Review: Western Trunk Line-Xi gan dao (2006)

Directed by: Li Jixian | 101 minutes | drama | Actors: Li Jie, Zhang Dengfeng, Shen Jiani, Zhao Haiyan

1978: Life in a remote Chinese village is hard work and hardship. Li Siping does not care. As soon as possible, he skips school from work in the factory and wanders around or tries to make old radios so that he can receive the messages from the outside world. Of course his mother notices this, and Li Siping gets beaten regularly. Meanwhile, everything is being watched by the passive and silent father (Dr. Li) and Li Siping’s younger brother, who is nicknamed “flathead” (“square face”). The lazy Li Siping seems to get the most satisfaction from lies, theft and deceit: often innocent, but sometimes with unpleasant consequences for himself or his younger brother, for example, who is often plagued at school because of this.

Li Siping’s aimless life seems to make sense again when he meets Yu Xuanyan. She is from Beijing and seems forced to move to the countryside because of her father’s subversive activities. The handsome and graceful Yu Xuanyan seems to be the opposite of Li Siping in everything, but maybe that’s just a fraud. He discovers, of course again in a devious way, that Yu Xuanyan tells her father in her letters that she is in the Art Ensemble of the village, while she just has to work in the factory. When Yu Yuanyan finds out that Li Siping has stolen her letters (with included money) for her father, their two lives inadvertently become linked.

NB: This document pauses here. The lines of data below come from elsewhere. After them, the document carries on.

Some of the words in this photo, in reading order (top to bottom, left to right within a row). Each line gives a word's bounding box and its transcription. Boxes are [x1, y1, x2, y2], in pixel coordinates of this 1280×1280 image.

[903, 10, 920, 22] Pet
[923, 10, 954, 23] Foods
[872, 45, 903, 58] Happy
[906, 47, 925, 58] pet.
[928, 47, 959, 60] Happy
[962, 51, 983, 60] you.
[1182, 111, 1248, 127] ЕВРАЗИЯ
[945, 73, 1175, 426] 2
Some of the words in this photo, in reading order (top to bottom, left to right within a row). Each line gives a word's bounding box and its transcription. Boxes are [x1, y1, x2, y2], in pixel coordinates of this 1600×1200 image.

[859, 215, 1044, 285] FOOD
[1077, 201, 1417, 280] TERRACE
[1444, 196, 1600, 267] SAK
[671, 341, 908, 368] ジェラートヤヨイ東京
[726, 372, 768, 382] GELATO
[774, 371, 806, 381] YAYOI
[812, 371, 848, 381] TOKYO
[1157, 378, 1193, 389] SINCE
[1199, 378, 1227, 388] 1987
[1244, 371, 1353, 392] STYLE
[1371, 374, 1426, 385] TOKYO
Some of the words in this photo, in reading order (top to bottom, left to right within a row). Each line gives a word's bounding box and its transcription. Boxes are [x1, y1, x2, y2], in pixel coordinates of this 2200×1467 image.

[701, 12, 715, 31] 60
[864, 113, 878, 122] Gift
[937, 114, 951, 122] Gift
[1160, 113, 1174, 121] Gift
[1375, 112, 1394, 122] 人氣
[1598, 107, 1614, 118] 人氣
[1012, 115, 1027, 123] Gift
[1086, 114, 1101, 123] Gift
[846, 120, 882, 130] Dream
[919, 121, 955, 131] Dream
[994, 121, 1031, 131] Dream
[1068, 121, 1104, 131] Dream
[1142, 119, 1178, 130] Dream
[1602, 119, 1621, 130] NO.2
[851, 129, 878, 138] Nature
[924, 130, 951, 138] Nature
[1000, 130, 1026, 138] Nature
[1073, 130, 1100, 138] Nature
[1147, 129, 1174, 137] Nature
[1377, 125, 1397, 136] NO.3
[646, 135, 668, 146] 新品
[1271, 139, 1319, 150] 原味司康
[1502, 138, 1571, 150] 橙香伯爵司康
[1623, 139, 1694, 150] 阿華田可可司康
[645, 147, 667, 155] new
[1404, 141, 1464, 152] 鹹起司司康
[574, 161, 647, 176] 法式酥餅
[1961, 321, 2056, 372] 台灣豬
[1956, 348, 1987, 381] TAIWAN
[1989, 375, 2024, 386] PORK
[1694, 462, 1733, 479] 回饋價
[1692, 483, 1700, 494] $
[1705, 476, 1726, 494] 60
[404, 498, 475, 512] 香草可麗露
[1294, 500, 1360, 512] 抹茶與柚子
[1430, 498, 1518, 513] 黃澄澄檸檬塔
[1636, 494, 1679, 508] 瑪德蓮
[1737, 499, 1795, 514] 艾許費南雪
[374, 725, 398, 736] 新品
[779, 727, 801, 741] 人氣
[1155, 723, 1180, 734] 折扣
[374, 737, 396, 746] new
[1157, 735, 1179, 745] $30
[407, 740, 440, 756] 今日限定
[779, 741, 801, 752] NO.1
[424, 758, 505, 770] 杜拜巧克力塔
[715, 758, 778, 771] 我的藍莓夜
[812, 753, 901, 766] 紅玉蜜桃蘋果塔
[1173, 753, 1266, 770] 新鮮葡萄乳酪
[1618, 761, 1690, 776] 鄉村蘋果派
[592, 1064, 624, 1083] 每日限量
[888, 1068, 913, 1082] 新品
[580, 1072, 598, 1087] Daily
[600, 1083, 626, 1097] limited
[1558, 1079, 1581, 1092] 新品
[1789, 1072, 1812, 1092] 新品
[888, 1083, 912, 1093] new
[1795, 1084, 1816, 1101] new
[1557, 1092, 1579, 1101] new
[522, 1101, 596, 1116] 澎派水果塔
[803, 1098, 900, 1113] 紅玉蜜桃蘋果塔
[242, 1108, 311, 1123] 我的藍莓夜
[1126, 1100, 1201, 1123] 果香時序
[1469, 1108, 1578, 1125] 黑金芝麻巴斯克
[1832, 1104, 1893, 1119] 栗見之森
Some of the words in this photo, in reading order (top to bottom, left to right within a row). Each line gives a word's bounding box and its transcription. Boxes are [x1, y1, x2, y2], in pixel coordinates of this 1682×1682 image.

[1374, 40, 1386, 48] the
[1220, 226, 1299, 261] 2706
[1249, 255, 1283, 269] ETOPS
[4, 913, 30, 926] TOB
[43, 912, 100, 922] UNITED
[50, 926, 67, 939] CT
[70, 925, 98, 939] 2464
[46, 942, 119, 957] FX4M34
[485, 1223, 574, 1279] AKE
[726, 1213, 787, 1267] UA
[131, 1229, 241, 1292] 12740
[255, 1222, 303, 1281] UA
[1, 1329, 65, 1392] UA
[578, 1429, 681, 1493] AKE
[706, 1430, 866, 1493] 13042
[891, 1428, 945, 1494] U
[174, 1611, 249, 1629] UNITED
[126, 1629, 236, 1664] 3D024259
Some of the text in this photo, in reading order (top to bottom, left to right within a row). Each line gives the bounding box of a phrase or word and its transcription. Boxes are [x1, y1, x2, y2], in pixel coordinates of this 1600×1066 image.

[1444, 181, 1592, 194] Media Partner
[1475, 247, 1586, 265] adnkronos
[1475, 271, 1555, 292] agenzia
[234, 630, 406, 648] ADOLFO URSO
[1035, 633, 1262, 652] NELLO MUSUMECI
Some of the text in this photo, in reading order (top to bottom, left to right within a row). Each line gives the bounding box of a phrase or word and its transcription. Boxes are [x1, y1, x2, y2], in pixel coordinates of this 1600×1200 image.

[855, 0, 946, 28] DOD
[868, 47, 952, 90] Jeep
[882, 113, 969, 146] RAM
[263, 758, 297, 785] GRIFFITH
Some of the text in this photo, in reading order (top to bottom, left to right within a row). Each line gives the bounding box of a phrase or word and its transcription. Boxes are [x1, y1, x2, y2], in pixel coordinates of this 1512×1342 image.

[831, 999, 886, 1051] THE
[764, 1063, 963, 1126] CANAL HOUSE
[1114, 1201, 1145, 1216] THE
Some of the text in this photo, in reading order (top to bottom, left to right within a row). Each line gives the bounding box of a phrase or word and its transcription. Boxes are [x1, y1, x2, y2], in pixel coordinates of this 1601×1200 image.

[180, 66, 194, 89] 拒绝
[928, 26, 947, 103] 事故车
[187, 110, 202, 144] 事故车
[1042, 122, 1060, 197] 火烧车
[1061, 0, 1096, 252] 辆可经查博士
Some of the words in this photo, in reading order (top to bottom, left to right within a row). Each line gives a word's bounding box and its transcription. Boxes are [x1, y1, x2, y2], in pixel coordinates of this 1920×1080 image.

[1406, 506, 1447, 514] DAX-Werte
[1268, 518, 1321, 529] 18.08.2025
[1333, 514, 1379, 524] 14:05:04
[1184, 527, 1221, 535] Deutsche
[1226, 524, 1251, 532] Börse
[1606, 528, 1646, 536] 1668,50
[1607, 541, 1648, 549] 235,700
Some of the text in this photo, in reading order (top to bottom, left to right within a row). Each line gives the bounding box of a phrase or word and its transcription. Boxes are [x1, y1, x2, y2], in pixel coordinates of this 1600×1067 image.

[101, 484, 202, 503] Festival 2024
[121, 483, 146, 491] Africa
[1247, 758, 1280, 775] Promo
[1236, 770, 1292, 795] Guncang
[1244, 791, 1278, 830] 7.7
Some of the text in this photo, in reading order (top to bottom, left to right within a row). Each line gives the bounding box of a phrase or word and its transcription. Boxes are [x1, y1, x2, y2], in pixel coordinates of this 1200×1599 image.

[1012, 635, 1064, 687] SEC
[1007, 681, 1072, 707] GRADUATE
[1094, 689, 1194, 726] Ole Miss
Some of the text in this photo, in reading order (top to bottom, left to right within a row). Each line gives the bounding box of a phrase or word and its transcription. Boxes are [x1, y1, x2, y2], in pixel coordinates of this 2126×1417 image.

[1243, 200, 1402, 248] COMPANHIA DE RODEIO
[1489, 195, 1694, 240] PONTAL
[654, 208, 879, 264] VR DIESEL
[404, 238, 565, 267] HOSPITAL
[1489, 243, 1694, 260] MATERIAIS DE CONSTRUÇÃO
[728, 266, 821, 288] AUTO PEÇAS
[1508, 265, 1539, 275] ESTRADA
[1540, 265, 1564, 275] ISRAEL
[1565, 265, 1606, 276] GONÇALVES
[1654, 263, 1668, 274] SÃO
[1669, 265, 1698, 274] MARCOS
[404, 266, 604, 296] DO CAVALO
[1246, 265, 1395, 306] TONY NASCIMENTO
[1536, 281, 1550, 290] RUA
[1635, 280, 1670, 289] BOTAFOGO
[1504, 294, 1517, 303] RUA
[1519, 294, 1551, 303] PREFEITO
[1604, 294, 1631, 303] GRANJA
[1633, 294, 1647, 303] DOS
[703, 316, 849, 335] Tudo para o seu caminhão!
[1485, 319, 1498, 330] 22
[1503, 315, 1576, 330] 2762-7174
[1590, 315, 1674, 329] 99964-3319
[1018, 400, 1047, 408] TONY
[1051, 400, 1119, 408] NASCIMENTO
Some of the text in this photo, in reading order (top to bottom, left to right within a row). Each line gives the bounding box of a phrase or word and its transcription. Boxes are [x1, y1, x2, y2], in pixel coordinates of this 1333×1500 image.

A strange love-hate relationship develops that is not accepted by the other villagers. Li Siping has made himself too impossible to give a different spin to his life, it seems. “Western Trunk Line” is a typical “coming of age” story, as there are so many along the railroad to which the title refers. The impossibility of true love and freedom is central. The story is told in a subtle, but regularly also somewhat sentimental way.

The pace of the movie is quite slow, which makes the movie too boring at times. Strong points are the fact that the “hero”, Li Siping, is actually not such a likable person at all. Above all, he is a “loser” who keeps making the mistake of antagonizing others. Also nice is the supporting role of Li’s younger brother, who seems to be constantly in the corner where the blows fall. He flees the harsh reality by drawing, something that is noticed by Yu Xuanyan, but no one else. It’s the tragic aspects of the three main characters that make “Western Trunk Line” worth watching. The fact that the film is sometimes too monotonous is perhaps mainly illustrative of the life that is depicted in the film.